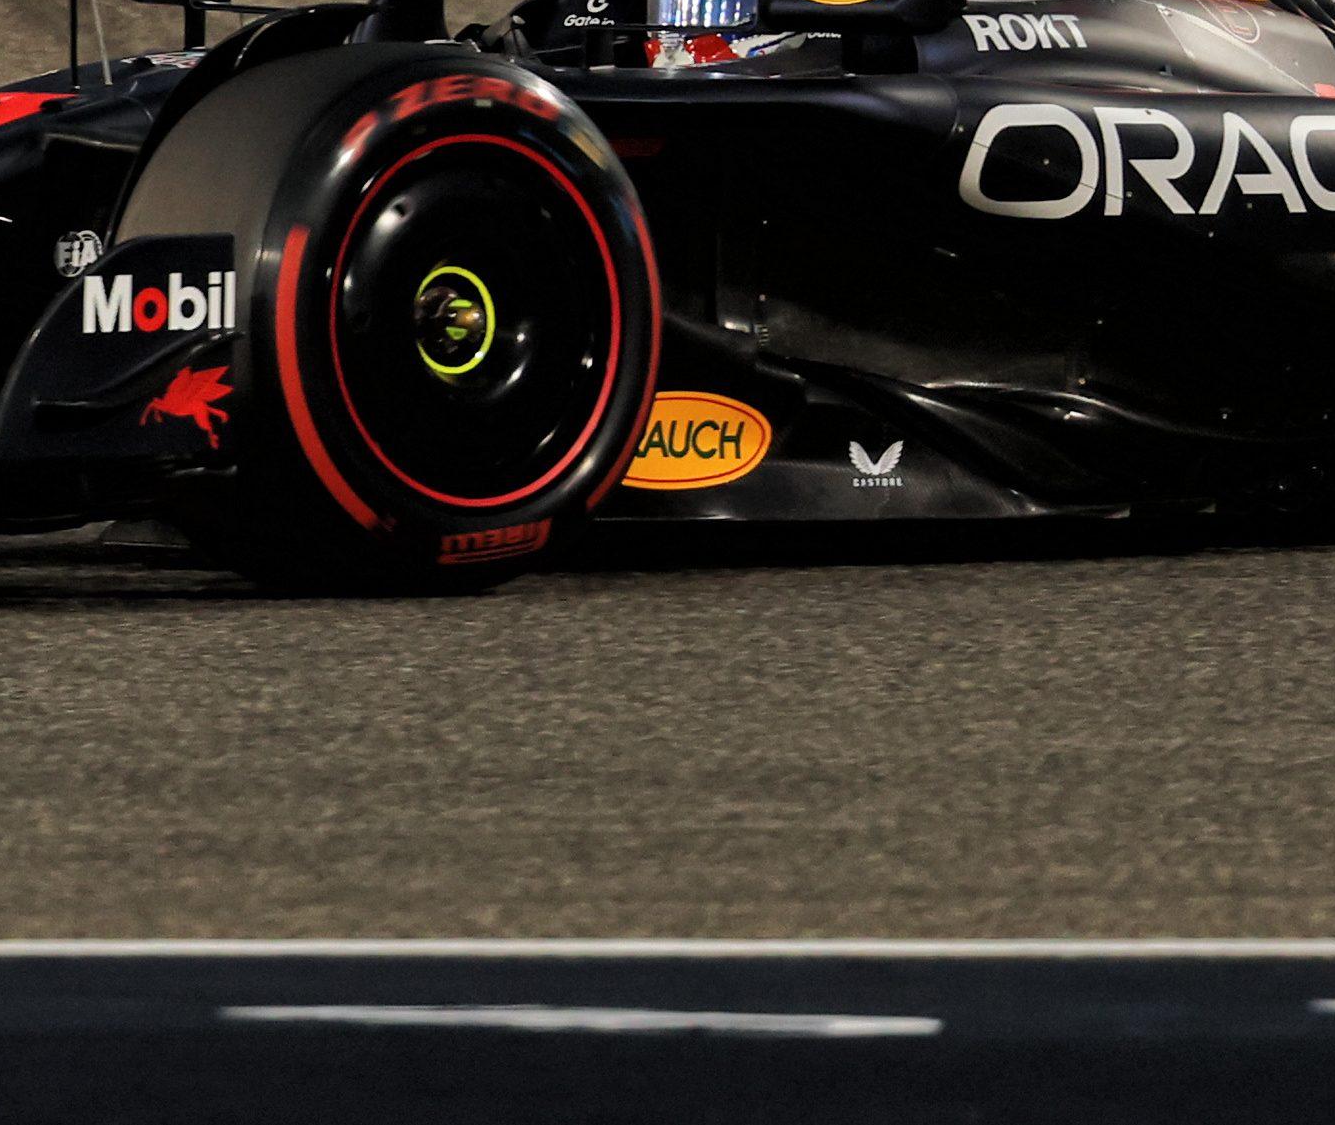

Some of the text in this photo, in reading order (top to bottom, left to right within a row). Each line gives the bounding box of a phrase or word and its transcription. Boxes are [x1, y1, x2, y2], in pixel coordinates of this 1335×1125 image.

[962, 13, 1088, 52] ROKT
[82, 271, 237, 333] Mobil
[634, 419, 744, 460] AUCH
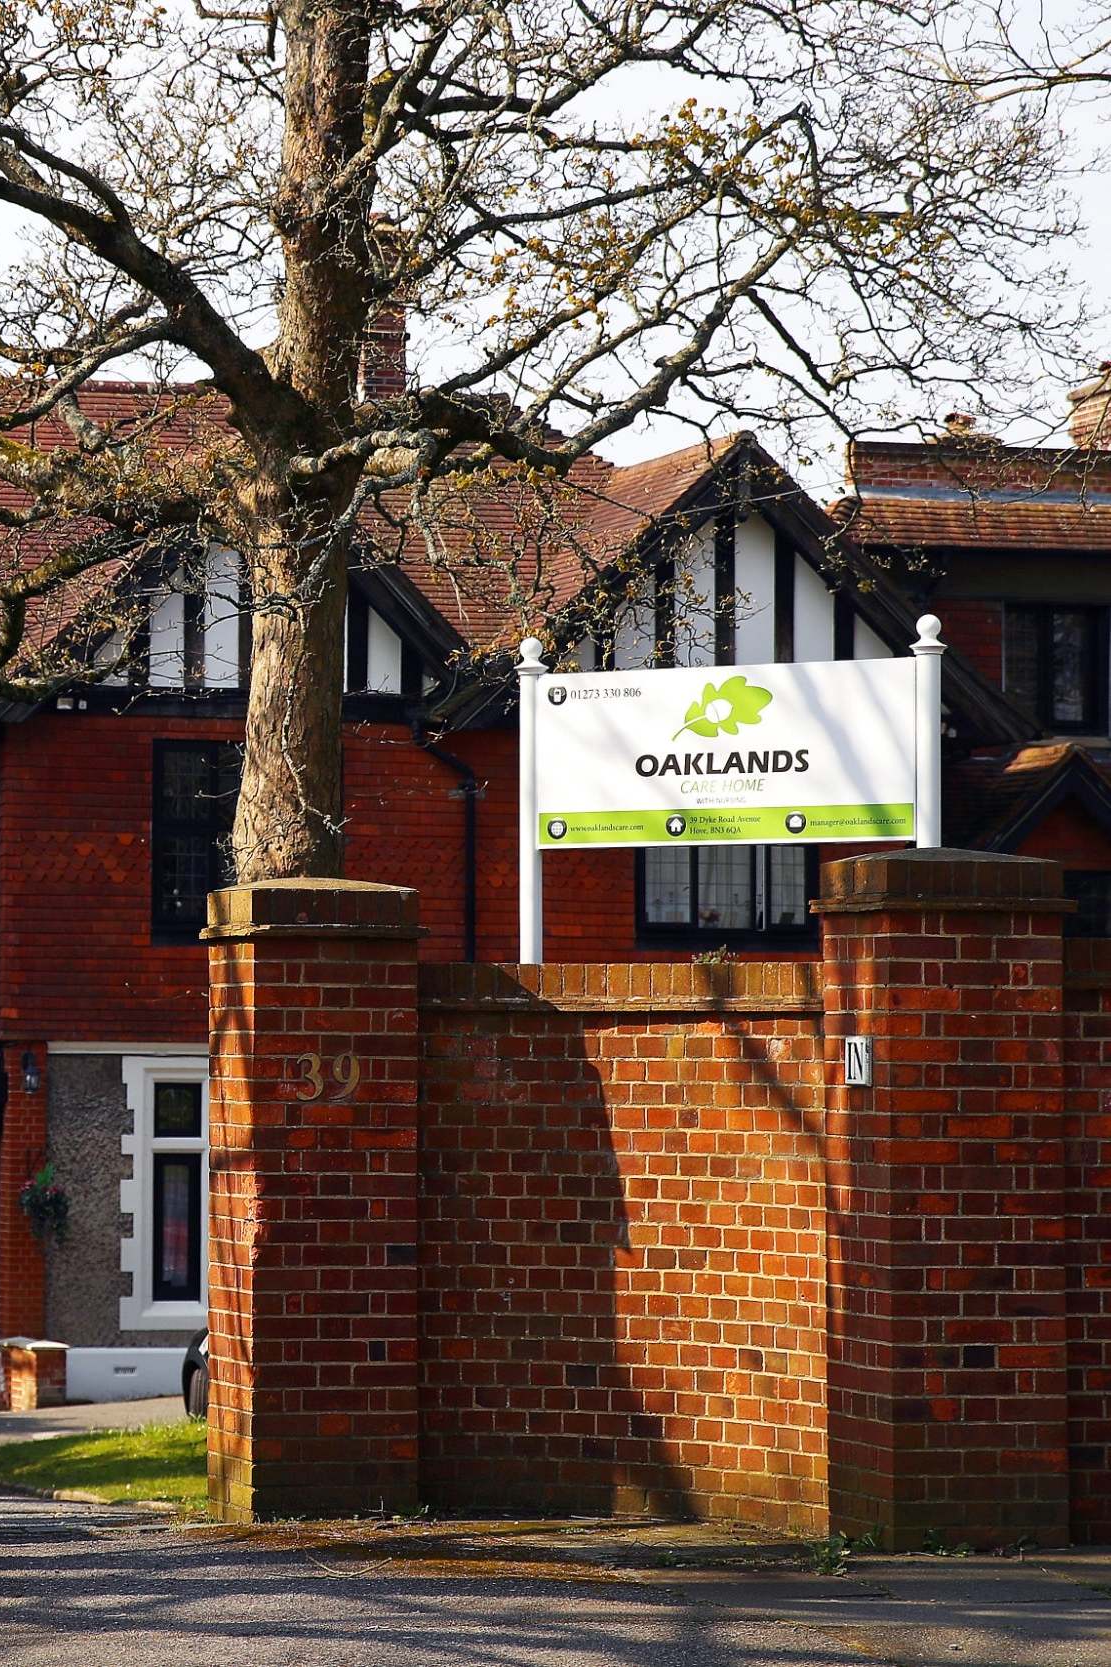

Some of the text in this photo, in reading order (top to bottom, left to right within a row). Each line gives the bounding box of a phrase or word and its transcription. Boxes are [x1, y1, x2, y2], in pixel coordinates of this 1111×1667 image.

[570, 687, 642, 700] 01273 330 806
[635, 749, 810, 778] OAKLANDS
[680, 778, 766, 794] CARE HOME
[689, 815, 761, 825] 39 Dyke Road Avenue
[710, 826, 725, 834] BN3
[725, 826, 742, 835] 6QA
[847, 1042, 864, 1080] IN
[296, 1052, 361, 1100] 39

━━━━━━━━━━

> _Exercise instructions_: From the first line to the last, copy the records exactly and skip the pictures.

> _Exercise result_:
Some of the text in this photo, in reading order (top to bottom, left to right within a row). Each line gives the bounding box of a phrase or word and its transcription. Boxes are [x1, y1, x2, y2], in pixel coordinates of this 1335×1125 image.

[962, 13, 1088, 52] ROKT
[82, 271, 237, 333] Mobil
[634, 419, 744, 460] AUCH

Some of the text in this photo, in reading order (top to bottom, left to right within a row). Each line gives the bounding box of a phrase or word and its transcription. Boxes are [x1, y1, x2, y2], in pixel coordinates of this 1111×1667 image.

[570, 687, 642, 700] 01273 330 806
[635, 749, 810, 778] OAKLANDS
[680, 778, 766, 794] CARE HOME
[689, 815, 761, 825] 39 Dyke Road Avenue
[710, 826, 725, 834] BN3
[725, 826, 742, 835] 6QA
[847, 1042, 864, 1080] IN
[296, 1052, 361, 1100] 39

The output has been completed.